If you have any questions, there are many who are more knowledgeable about this than I am (JMM and Mary H come to mind), but don't hesitate to call or PM me. I just went thru all of this, was panicked at first (didn't have Mary H's wise advice at the time) and am now back to normal.


----------



## molleysmom (May 27, 2007)

> Hi Molley's mom,
> I'm sorry to hear that Molley's liver enzymes and BATs were still on the higher side, but (if she isn't over 4), I would guess that she is an asymptomatic maltese with MVD like both of mine - and an estimated 60-70% of all maltese! The Protein C test (a simple blood test) can rule out the liver shunt. Don't be surprised if your vet hasn't heard of it, I think it just came out in December 2006! The links that others posted previously have links where your vet can read about the Protein C test.
> 
> The only way to know definitively that your dog has MVD is to do a biopsy, but since MVD has no treatment, other than medical management (i.e. diet, supplements), my vet and I didn't think it was worth the risk of surgery. And your vet should be aware of the MVD for any anesthetic procedures as it can be a little more difficult for MVD dogs to come out of anesthesia.
> ...



thanks so much for your insight. Just knowing that mvd is medical management is useful. shall call vet tomorrow and schedule protein c test. i love my little fuzz butt endlessly, dealing with a chronic disease is stressful and we do not want to put her thru unneccessary procedures nor do i want to throw good money after bad. must be the nurse in me coming out. do you give your malts heartworm medication or topical flea/tick protection? i wonder if the oral interceptor is adding to our dillema, but i am very concerned that not giving it to her is more risky. we travel about 3 times a year to different parts of the country. i am a travel nurse and we follow the sun. i know that the books say that they should not need it on the proper diet and supplements, that is the only thing i am holding on to so far. please feel free to call me as well. just let me know how to get the info to you.

pat your little fluff butts head for me and i will scratch molleys belly too!

shall post when i have the protein test results.


----------



## jmm (Nov 23, 2004)

> thanks so much for your insight. Just knowing that mvd is medical management is useful. shall call vet tomorrow and schedule protein c test. i love my little fuzz butt endlessly, dealing with a chronic disease is stressful and we do not want to put her thru unneccessary procedures nor do i want to throw good money after bad. must be the nurse in me coming out. do you give your malts heartworm medication or topical flea/tick protection? i wonder if the oral interceptor is adding to our dillema, but i am very concerned that not giving it to her is more risky. we travel about 3 times a year to different parts of the country. i am a travel nurse and we follow the sun. i know that the books say that they should not need it on the proper diet and supplements, that is the only thing i am holding on to so far. please feel free to call me as well. just let me know how to get the info to you.
> 
> pat your little fluff butts head for me and i will scratch molleys belly too!
> 
> shall post when i have the protein test results.[/B]

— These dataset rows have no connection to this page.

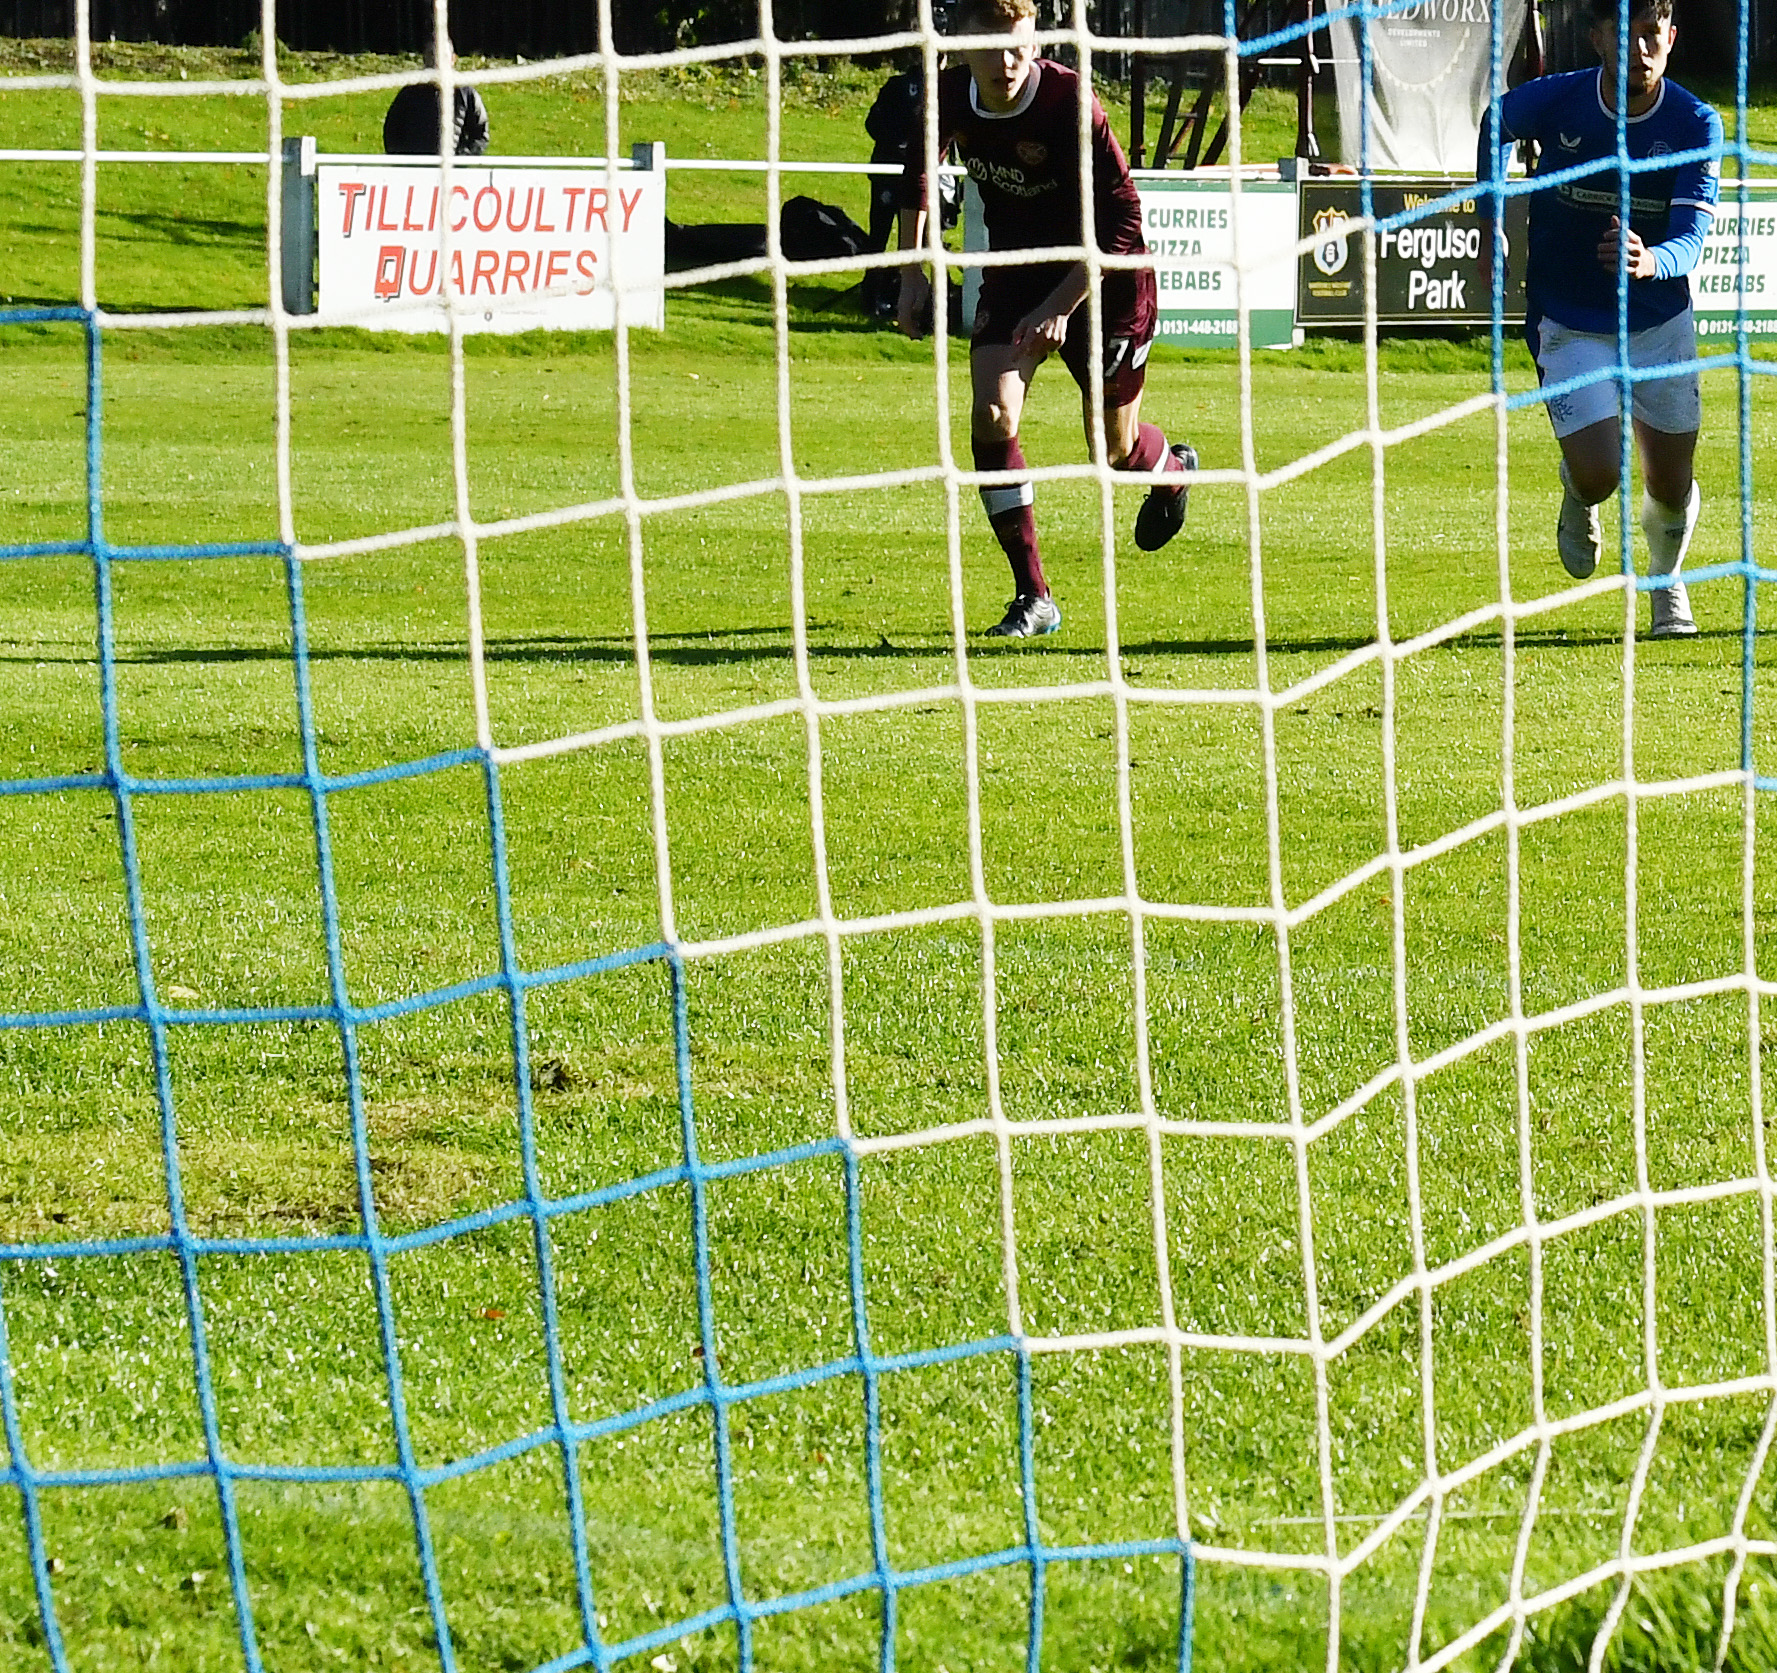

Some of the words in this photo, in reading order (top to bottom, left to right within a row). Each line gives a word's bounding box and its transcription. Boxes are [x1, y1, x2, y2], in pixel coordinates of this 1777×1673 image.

[338, 182, 643, 238] TILLICOULTRY
[1147, 208, 1228, 229] CURRIES
[1147, 240, 1202, 255] PIZZA
[1702, 246, 1750, 264] PIZZA
[373, 245, 598, 302] QUARRIES
[1155, 271, 1222, 291] EBABS
[1699, 274, 1766, 293] KEBABS
[1407, 270, 1467, 310] Park
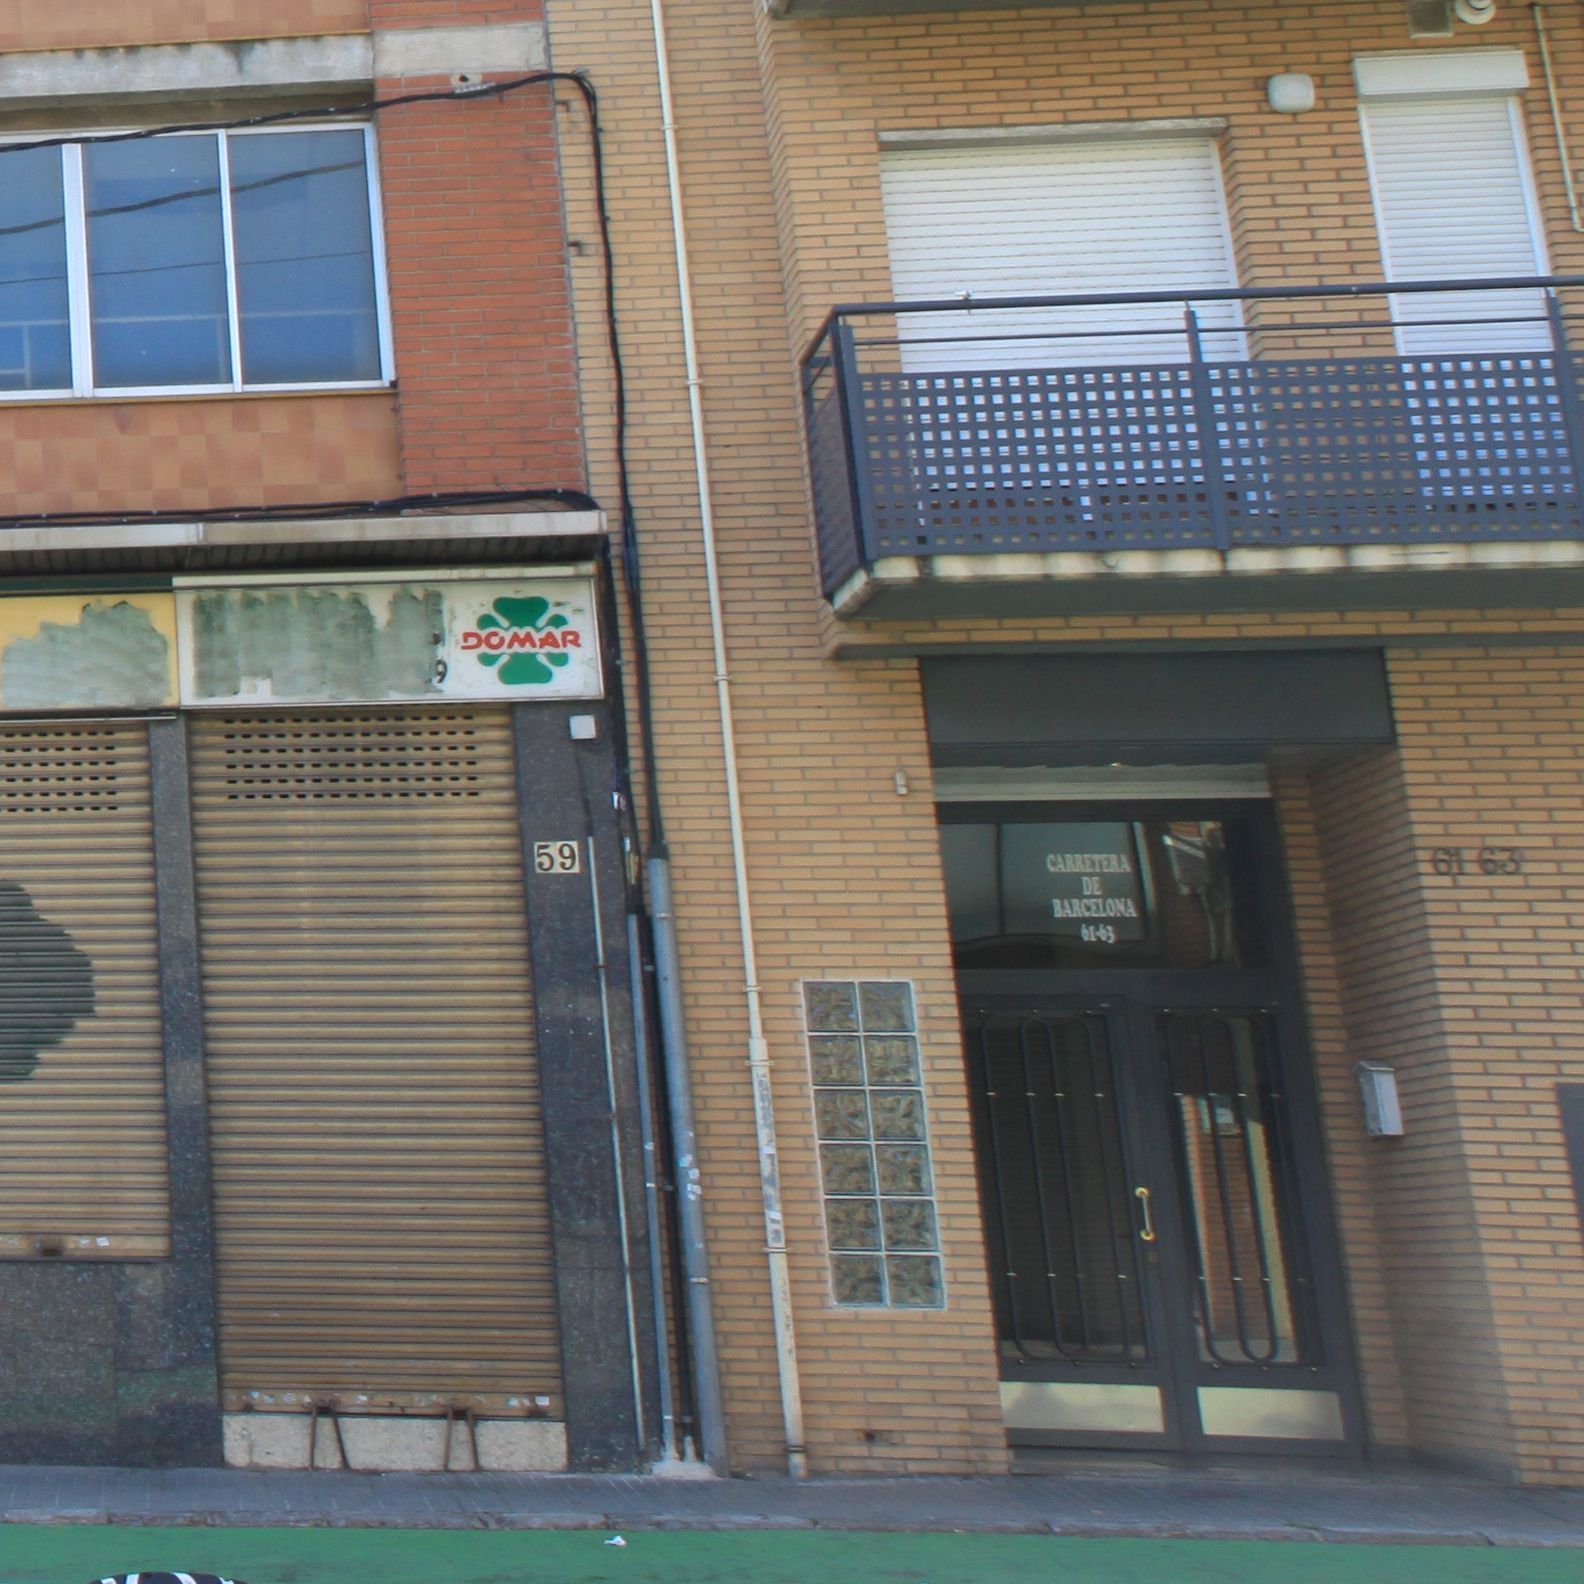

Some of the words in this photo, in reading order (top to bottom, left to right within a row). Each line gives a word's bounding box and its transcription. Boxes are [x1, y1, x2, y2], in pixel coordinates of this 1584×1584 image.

[461, 630, 581, 650] DOMAR
[536, 843, 576, 872] 59
[1046, 853, 1131, 872] CARRETERA
[1433, 847, 1463, 876] 61
[1479, 847, 1521, 876] 63
[1081, 876, 1102, 895] DE
[1052, 897, 1136, 917] BARCELONA
[1080, 923, 1116, 943] 61-63

Yes, I keep my dogs (even the MVD dogs) on Interceptor and Frontline. If there is heartworm where you travel, I would be very hesitant to stop the interceptor. Your dog could eat the whole box and it would not be toxic. It is not in their system for a whole month. It should be out of their system in no more than 3 days.


----------



## tamizami (May 1, 2007)

From everything I've read lately on this topic, it probably won't seem like you are living with a dog with a chronic disease. Those were my first fears as well, but its so prevalent in this breed, yet they have nice long lives. I am going to bet money that at least 75% of malt owners don't even know their dogs have MVD. I also wonder how much of it (liver "issues") have to do with the stress of the vet visit or things like the fact that our little babies are getting picked up so much (my vet said that mild blunt trauma can cause elevated ALT). I'm not worrying about it anymore and just focus on giving them the healthiest diet, supplements, exercise, mental stimulation and LOVE I can. 

Re the medications: I've had 2 vets tell me we don't live in an area where there is a heartworm threat (it gets too chilly at night for the mosquitos and the heartworm larvae), so we don't use it. I had heartguard and it made Shiva violently ill. If I had to use one, it would definitely be interceptor. As a precaution, I get their blood tested every 6 months. 

I keep Frontline & Advantage on hand, but rarely use them. The only time they get fleas is after the vet, LOL!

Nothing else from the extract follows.